__ASSIGNED TASK__. Copy out, exactly as written, only the line containing "Some of the words" and the lines after it through the end of the records.
⟨
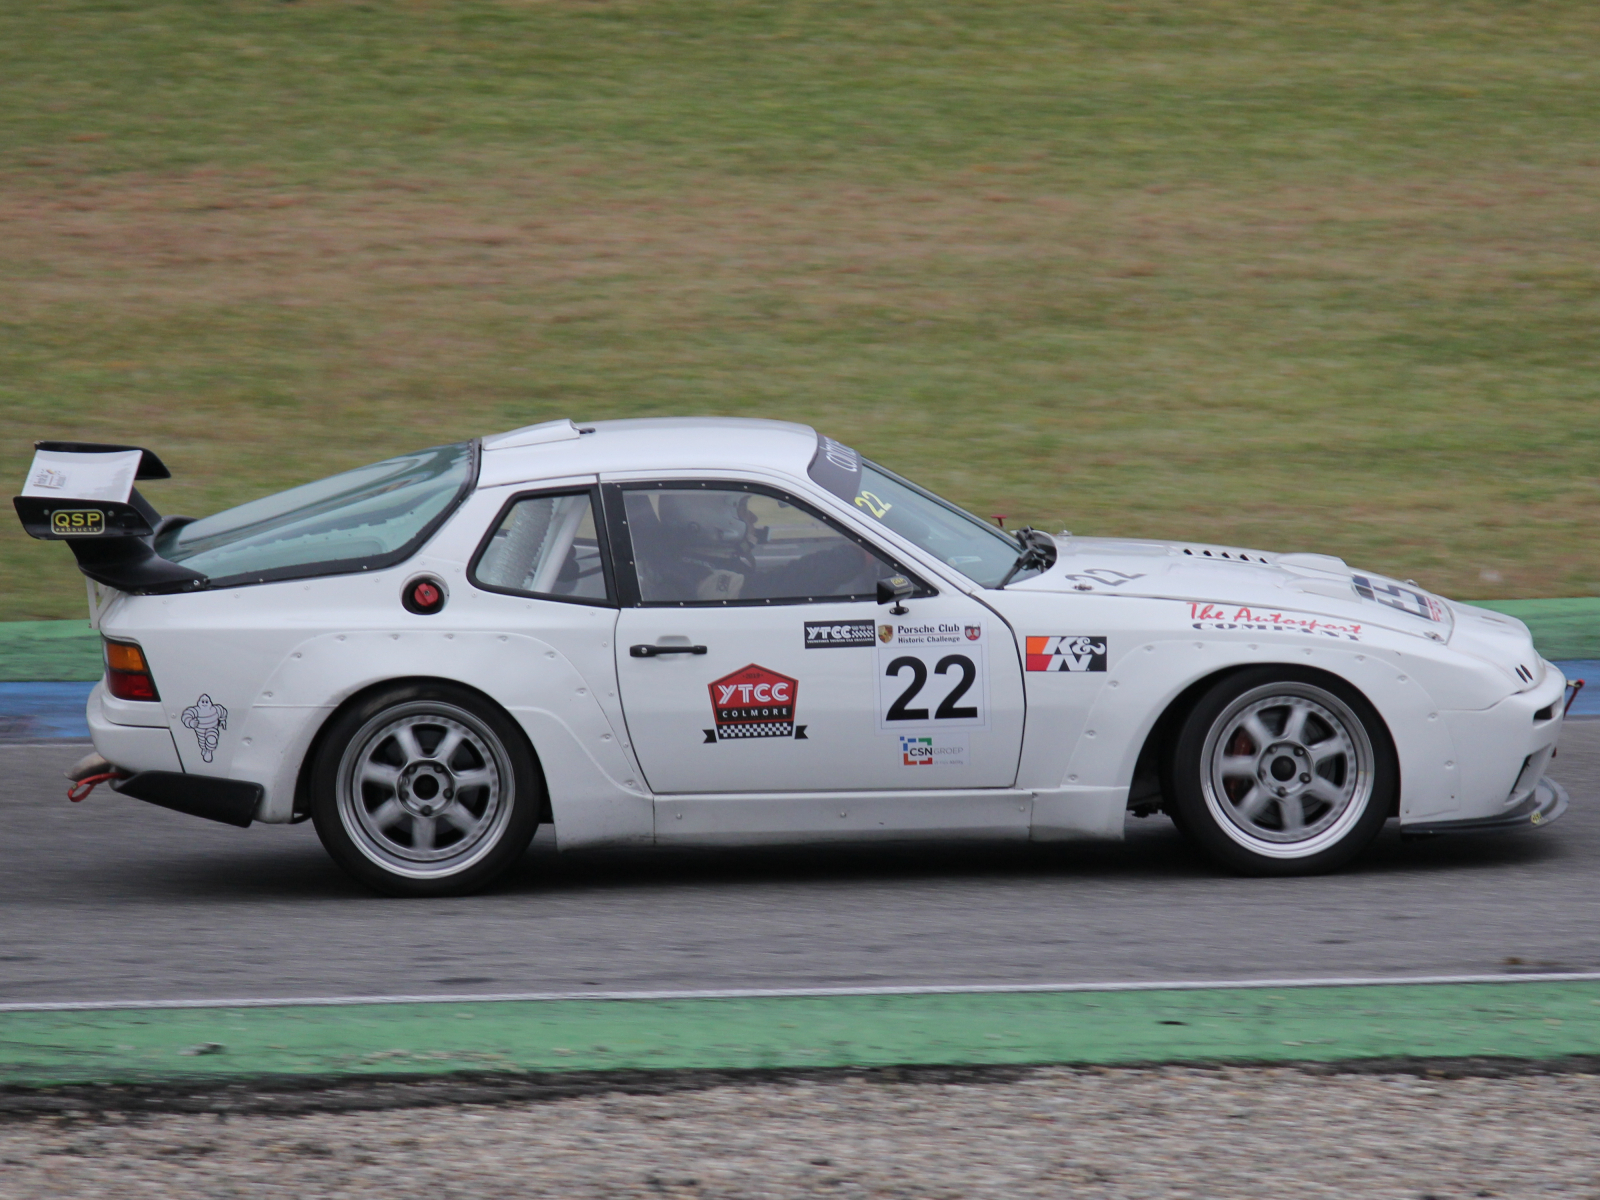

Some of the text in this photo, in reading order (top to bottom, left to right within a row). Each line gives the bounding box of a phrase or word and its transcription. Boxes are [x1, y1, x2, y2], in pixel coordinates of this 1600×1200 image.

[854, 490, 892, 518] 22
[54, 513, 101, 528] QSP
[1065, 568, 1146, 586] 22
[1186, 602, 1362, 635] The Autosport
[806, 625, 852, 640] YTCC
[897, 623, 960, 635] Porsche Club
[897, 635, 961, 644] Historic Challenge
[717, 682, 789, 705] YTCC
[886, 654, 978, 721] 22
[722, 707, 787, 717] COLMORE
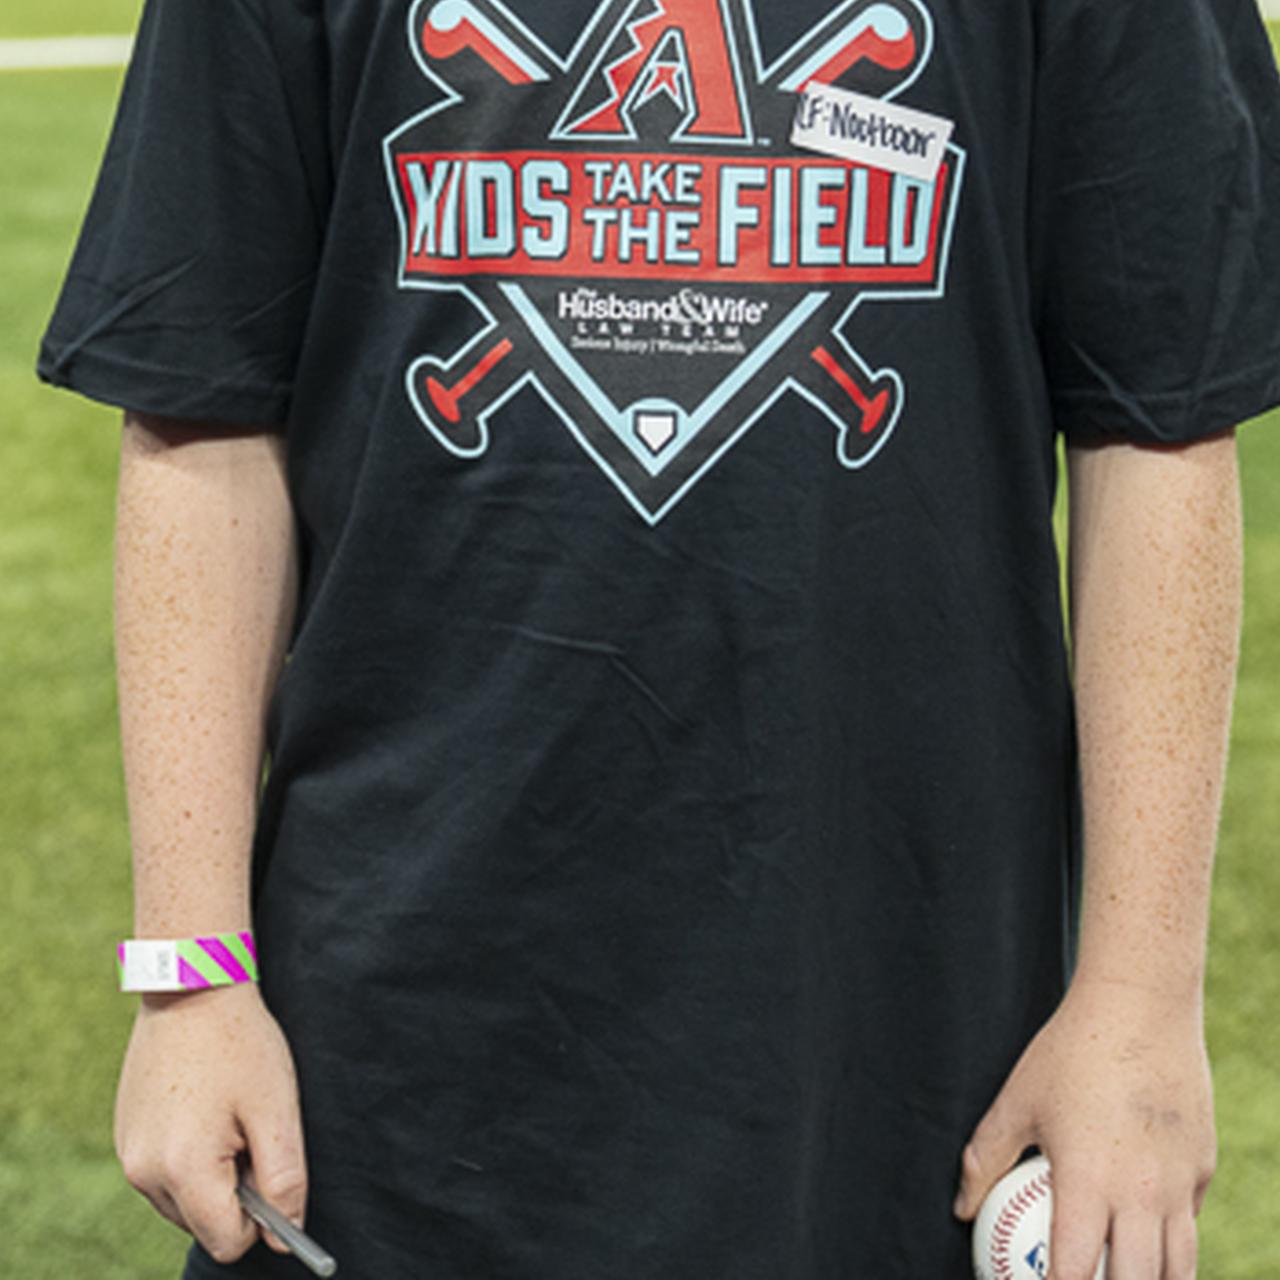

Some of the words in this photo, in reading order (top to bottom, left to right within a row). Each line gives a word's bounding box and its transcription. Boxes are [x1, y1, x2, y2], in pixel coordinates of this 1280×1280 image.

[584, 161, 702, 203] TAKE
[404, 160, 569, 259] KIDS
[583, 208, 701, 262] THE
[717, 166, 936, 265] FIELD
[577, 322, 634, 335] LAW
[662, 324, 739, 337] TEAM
⟩
__RESPONSE FOR THIS EXERCISE__.
Some of the words in this photo, in reading order (top to bottom, left to right within a row). Each line gives a word's bounding box and its transcription. Boxes are [x1, y1, x2, y2], in pixel coordinates of this 1280×1280 image.

[584, 161, 702, 203] TAKE
[404, 160, 569, 259] KIDS
[583, 208, 701, 262] THE
[717, 166, 936, 265] FIELD
[577, 322, 634, 335] LAW
[662, 324, 739, 337] TEAM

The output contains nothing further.